In an exclusive interview with Voice Of America's Mohamed Olad, Abdilahi Yusuf Abdi talked publicly for the first time since his son’s amazing journey over the weekend.
He told the agency that initially he was confused by the call and asked the Hawaiian authorities to call the San Jose police, who called him at his Santa Clara home.
“They told me that they were holding my son,” he told Voice of America. “I was shocked. I wondered how my son went there.”
“They tried to explain to me about the stowaway and the plane story,” the father continued. “I got confused, and asked them to call the San Jose police department which later explained to me how things happened.”
Abdi credited Allah with protecting his son on the flight. Experts have said it was nearly impossible for anyone to survive such a flight.
He said the teen was always talking about Africa because his grandparents lived there.
Jennifer Dericco, a spokeswoman for the Santa Clara Unified School District, confirmed that Santa Clara High School Principal Gregory Shelby sent a note Tuesday to staff members saying the teen had been in the U.S. for about four years, speaks English as his second language and had transferred into the district just five weeks ago.

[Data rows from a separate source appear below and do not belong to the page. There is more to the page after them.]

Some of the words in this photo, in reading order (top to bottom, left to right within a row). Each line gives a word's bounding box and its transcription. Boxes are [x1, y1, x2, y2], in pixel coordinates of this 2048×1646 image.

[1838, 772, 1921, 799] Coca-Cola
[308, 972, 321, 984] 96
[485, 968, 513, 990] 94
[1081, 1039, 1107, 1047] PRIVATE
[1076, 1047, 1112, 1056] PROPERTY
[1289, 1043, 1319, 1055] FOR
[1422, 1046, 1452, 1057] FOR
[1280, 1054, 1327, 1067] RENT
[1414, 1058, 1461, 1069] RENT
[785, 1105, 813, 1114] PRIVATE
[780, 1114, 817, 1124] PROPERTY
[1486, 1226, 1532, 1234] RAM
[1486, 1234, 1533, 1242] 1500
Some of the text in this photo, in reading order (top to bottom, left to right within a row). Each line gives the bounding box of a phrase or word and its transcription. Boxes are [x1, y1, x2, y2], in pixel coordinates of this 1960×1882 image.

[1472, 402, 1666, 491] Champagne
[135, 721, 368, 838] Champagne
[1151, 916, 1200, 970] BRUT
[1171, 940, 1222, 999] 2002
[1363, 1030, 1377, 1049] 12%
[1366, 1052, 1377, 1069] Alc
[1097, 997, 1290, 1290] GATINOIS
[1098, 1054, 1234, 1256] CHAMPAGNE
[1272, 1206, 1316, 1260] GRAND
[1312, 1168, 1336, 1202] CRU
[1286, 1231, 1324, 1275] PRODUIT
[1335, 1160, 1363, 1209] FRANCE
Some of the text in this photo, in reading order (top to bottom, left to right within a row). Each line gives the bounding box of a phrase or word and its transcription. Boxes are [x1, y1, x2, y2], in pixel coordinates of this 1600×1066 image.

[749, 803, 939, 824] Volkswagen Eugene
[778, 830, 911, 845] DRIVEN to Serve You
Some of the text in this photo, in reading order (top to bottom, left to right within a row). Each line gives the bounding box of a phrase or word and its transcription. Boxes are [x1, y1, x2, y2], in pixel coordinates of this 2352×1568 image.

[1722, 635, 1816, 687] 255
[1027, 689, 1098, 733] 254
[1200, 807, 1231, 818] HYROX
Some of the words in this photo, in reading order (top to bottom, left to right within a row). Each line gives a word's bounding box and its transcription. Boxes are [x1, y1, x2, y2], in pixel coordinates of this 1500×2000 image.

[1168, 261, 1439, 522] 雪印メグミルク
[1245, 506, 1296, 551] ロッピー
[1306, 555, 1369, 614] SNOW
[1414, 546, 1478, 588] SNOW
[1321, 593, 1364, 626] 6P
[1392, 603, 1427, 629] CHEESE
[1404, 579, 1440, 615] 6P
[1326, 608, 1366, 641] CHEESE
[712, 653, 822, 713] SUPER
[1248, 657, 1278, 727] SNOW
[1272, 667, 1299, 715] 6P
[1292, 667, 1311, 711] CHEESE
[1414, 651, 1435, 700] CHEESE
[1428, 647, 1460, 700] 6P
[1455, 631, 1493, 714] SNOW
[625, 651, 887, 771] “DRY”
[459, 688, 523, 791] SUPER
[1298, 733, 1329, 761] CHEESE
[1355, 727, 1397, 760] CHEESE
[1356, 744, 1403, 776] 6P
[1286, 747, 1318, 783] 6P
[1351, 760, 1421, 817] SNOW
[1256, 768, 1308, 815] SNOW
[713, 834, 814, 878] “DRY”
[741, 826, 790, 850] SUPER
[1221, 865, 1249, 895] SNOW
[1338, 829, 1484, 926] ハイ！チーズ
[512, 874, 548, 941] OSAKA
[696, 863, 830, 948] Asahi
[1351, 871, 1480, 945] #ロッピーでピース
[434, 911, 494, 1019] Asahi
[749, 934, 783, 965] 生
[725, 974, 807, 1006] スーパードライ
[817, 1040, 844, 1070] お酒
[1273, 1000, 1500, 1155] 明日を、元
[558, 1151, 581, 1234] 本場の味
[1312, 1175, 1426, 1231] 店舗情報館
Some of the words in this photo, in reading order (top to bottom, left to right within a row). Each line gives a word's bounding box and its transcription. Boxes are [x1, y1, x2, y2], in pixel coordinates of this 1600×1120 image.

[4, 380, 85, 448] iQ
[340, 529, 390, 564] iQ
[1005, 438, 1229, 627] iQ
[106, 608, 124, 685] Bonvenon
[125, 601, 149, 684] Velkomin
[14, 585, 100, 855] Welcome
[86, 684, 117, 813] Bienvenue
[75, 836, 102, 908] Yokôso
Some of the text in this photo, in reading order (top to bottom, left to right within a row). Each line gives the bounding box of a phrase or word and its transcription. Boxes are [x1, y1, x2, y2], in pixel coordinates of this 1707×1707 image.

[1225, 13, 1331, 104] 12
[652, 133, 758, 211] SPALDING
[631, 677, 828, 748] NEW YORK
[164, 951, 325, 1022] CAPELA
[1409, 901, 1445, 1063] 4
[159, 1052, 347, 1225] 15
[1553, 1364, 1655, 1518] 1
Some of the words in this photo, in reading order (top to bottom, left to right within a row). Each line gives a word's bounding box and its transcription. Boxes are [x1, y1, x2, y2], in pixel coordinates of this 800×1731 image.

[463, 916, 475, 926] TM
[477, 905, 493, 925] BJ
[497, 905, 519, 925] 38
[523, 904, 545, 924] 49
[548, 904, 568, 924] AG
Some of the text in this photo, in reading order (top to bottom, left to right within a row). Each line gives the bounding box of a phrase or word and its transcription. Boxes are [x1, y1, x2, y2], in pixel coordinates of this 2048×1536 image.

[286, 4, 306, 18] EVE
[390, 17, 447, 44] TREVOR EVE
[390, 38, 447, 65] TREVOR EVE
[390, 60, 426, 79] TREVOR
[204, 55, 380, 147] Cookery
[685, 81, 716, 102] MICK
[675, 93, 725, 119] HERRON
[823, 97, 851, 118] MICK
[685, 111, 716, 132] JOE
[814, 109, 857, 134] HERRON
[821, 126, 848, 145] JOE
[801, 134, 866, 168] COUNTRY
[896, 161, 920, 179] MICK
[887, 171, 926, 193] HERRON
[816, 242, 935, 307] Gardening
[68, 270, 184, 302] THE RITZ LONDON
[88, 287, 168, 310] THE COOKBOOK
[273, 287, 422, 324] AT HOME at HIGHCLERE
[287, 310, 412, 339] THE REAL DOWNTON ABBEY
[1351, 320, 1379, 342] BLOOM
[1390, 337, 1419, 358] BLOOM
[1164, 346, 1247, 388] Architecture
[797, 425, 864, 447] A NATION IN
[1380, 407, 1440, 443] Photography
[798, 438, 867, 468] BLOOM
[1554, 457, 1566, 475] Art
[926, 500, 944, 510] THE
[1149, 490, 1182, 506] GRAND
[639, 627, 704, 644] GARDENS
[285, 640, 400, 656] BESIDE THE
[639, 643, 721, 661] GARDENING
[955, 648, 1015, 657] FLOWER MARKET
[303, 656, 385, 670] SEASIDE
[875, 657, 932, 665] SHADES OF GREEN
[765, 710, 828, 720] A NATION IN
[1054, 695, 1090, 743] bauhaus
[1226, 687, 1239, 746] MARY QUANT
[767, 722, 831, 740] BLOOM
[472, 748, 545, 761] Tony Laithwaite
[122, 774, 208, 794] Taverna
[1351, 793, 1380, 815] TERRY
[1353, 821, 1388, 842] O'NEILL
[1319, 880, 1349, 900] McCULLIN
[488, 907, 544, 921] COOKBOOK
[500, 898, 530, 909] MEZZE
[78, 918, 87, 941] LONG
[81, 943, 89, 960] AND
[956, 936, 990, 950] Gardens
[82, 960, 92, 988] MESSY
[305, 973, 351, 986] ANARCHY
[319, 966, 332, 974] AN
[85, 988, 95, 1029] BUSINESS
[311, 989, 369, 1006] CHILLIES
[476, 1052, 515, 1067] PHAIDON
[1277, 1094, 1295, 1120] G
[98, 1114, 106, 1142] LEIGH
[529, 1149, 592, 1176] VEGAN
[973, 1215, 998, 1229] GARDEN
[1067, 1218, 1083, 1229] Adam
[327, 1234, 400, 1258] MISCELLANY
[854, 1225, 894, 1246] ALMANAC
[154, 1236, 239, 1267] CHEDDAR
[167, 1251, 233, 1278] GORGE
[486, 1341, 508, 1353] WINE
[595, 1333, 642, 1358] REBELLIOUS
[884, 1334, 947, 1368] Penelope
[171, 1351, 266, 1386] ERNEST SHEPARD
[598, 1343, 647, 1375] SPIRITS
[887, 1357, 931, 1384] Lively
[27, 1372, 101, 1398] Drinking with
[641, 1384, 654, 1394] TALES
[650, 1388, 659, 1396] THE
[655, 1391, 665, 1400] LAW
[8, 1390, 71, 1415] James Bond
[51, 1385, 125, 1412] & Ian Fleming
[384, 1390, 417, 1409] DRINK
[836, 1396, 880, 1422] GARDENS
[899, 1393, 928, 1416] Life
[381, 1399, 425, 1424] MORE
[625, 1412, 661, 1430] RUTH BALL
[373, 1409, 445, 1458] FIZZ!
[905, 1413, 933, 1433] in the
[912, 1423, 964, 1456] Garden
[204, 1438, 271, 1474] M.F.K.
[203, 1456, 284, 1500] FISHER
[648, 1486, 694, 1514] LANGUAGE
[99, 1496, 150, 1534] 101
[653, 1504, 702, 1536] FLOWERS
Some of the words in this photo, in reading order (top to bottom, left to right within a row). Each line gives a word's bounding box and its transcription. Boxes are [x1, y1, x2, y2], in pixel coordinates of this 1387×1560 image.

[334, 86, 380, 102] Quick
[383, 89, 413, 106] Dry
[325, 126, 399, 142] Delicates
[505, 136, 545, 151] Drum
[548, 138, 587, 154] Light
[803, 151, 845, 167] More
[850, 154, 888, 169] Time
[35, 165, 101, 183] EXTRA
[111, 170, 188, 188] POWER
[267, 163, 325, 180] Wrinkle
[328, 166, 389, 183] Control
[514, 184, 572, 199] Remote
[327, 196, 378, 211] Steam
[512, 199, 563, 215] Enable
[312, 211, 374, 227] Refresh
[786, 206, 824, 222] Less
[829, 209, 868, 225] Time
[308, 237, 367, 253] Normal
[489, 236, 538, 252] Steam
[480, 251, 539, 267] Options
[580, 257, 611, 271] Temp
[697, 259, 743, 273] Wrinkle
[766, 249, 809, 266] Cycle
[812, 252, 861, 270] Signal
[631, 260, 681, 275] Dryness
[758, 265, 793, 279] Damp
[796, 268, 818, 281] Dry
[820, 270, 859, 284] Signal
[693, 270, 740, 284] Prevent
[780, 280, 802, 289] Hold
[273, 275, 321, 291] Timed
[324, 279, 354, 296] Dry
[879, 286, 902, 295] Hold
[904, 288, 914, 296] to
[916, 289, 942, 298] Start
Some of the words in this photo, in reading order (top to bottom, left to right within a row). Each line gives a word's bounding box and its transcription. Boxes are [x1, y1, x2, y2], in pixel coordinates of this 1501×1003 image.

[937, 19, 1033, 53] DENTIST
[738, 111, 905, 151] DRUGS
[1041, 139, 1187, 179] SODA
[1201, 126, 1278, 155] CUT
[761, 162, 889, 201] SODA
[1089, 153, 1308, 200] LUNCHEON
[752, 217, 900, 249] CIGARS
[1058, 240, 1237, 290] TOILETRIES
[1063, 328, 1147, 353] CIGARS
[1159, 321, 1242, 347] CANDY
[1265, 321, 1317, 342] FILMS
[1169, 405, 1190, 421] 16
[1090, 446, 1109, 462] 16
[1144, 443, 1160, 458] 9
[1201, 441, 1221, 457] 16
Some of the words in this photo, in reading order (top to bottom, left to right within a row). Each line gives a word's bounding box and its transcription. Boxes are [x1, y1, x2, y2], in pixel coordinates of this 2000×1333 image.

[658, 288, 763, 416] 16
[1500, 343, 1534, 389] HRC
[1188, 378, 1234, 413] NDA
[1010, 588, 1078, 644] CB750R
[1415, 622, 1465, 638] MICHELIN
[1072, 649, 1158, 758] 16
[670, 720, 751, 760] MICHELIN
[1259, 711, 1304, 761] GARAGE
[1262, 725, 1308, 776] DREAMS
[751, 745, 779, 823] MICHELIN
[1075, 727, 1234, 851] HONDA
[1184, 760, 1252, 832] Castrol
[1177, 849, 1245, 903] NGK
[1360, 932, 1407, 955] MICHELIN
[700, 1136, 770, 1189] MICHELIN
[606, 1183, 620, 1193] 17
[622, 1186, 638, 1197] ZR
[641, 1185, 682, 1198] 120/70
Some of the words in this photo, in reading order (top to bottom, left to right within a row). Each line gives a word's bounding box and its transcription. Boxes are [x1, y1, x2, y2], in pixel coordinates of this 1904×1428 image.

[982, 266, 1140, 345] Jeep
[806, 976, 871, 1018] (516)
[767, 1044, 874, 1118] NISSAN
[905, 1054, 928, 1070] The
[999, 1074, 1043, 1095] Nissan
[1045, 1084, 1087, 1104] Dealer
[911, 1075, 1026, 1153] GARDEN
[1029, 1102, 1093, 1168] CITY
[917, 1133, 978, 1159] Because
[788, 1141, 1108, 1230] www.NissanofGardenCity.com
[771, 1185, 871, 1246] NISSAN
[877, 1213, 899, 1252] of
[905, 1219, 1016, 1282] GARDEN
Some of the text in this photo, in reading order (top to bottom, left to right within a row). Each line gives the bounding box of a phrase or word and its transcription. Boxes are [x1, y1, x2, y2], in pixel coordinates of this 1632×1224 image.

Shelby did not return calls from The Associated Press seeking comment.
Dericco said confidentiality rules kept her from confirming the teen was a student at the school.
The boy's father drives a taxi, San Jose International Airport aviation director Kim Aguirre said, but she didn't know if he works at the airport.
On Wednesday, the head of Maui's main airport said the teen had no clue he was in Maui after jumping from a jetliner's wheel well to the tarmac.
Maui District Airport Manager Marvin Moniz told the Associated Press that the boy was disoriented and weak when he got off the Boeing 767, and he was questioned for about 30 minutes by FBI and Transportation Security Administration officials.
He said the boy wobbled as he walked and was soft-spoken, not saying much other than his journey started with an argument at home.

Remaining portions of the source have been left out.